Tax disputes in the EU: further Italian implementation of the Directive

Prepared by Carlo Romano, Dario Sencar, Giorgio Massa and Daniele Conti

After the legislative decree n. 49/2020, dated last June, on 17 December 2020 the Revenue Agency published the (awaited) functioning rules concerning the EU tax dispute resolution mechanism.

In this respect, the said rules recall that the controversies covered by this procedure (consisting of a first stage of interaction between tax administrations, followed by a possible arbitration phase in the event of no mutual agreement) comprise the interpretation and application of the Conventions to avoid double taxation on income and capital entered into by the Member States of the European Union. In other words, this is an effective instrument alternative to the mechanisms already provided for by the same aforementioned conventions as well as by Convention 90/436 / EEC on the elimination of double taxation in connection with the adjustment of profits of associated enterprises (i.e. the latter substantially relating to intragroup transfer pricing and to the attribution of profits to permanent establishments).

More specifically, in reaffirming the requirements of the complaint already provided by the decree, the Revenue Agency provides a formulary with the necessary information for the request to open the mutual agreement procedure, highlighting that the Italian language must be used or the complaint must be accompanied by an official Italian translation.

The provision referred to in point 2.12 appears quite interesting, as it expresses the affected taxpayer’s right to seek for a pre-filing meeting with the Agency so as to request “clarifications and / or indications regarding the mutual agreement procedure”. Such meeting could also be held remotely, i.e. via videoconference.

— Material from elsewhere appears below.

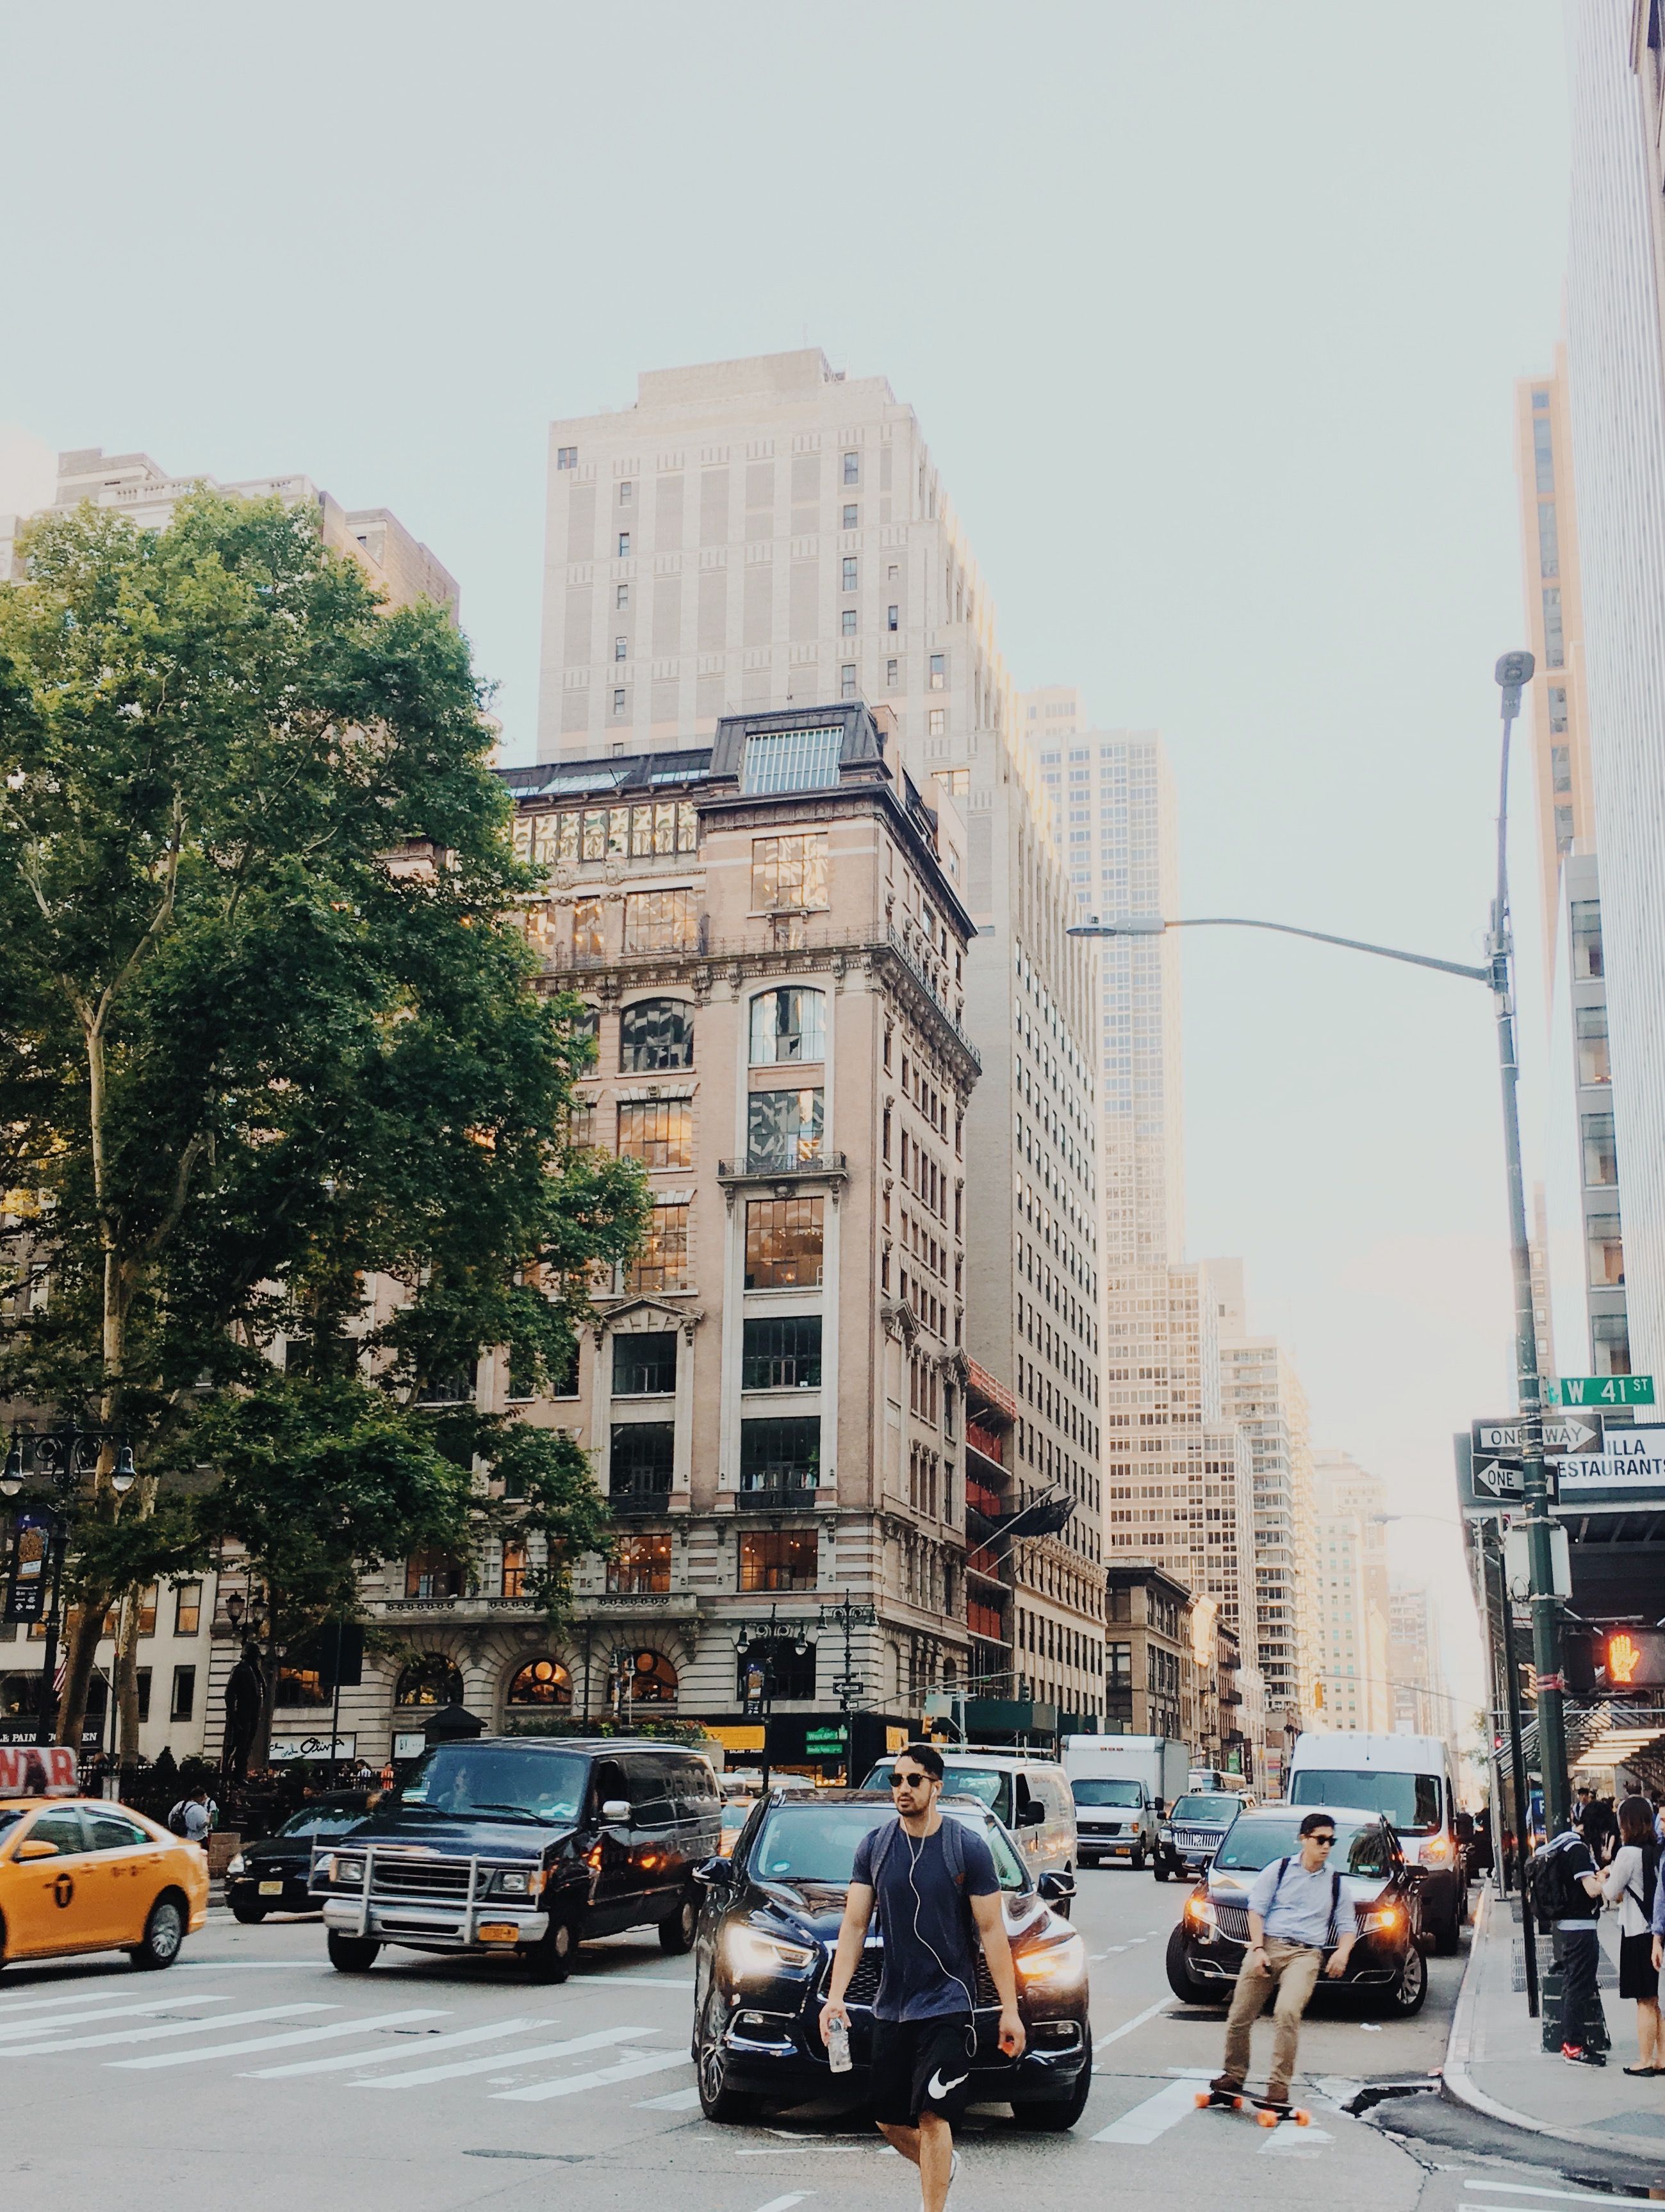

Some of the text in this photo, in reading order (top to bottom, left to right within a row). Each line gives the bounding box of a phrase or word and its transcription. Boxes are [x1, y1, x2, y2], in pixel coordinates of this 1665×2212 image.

With respect to the conclusion of the procedure, however, there is no evidence in the aforesaid rules of any disclosure of the reasons behind the agreement, where only the relevant tax periods, the taxable amounts (on which to calculate the taxes due or to be refunded) and any other resident or non-resident person or entity affected by the dispute are notified as “essential elements“. Within sixty days of the said communication, the affected taxpayer must communicate the court proceedings’ waiver (where initiated), but the rules clarify that such waiver could also be partial.

Instead, the statement of “general reasons” for failure to reach the agreement will be included in the related notification sent by the Revenue Agency itself, pursuant to which the affected taxpayer may apply for the establishment of the Advisory Commission (and, therefore, initiate the arbitration phase).

The Revenue Agency rules provide a formulary for such request as well, diversified according to the preconditions of the arbitration which may concern not only the case where a mutual agreement is not reached, but also:

  • the denial of access to the mutual agreement procedure by one or some of the competent authorities involved, but not by all, or
  • the denial of access to the mutual agreement procedure by all competent authorities, appealed by the affected taxpayer, and followed by a court decision granting such appeal.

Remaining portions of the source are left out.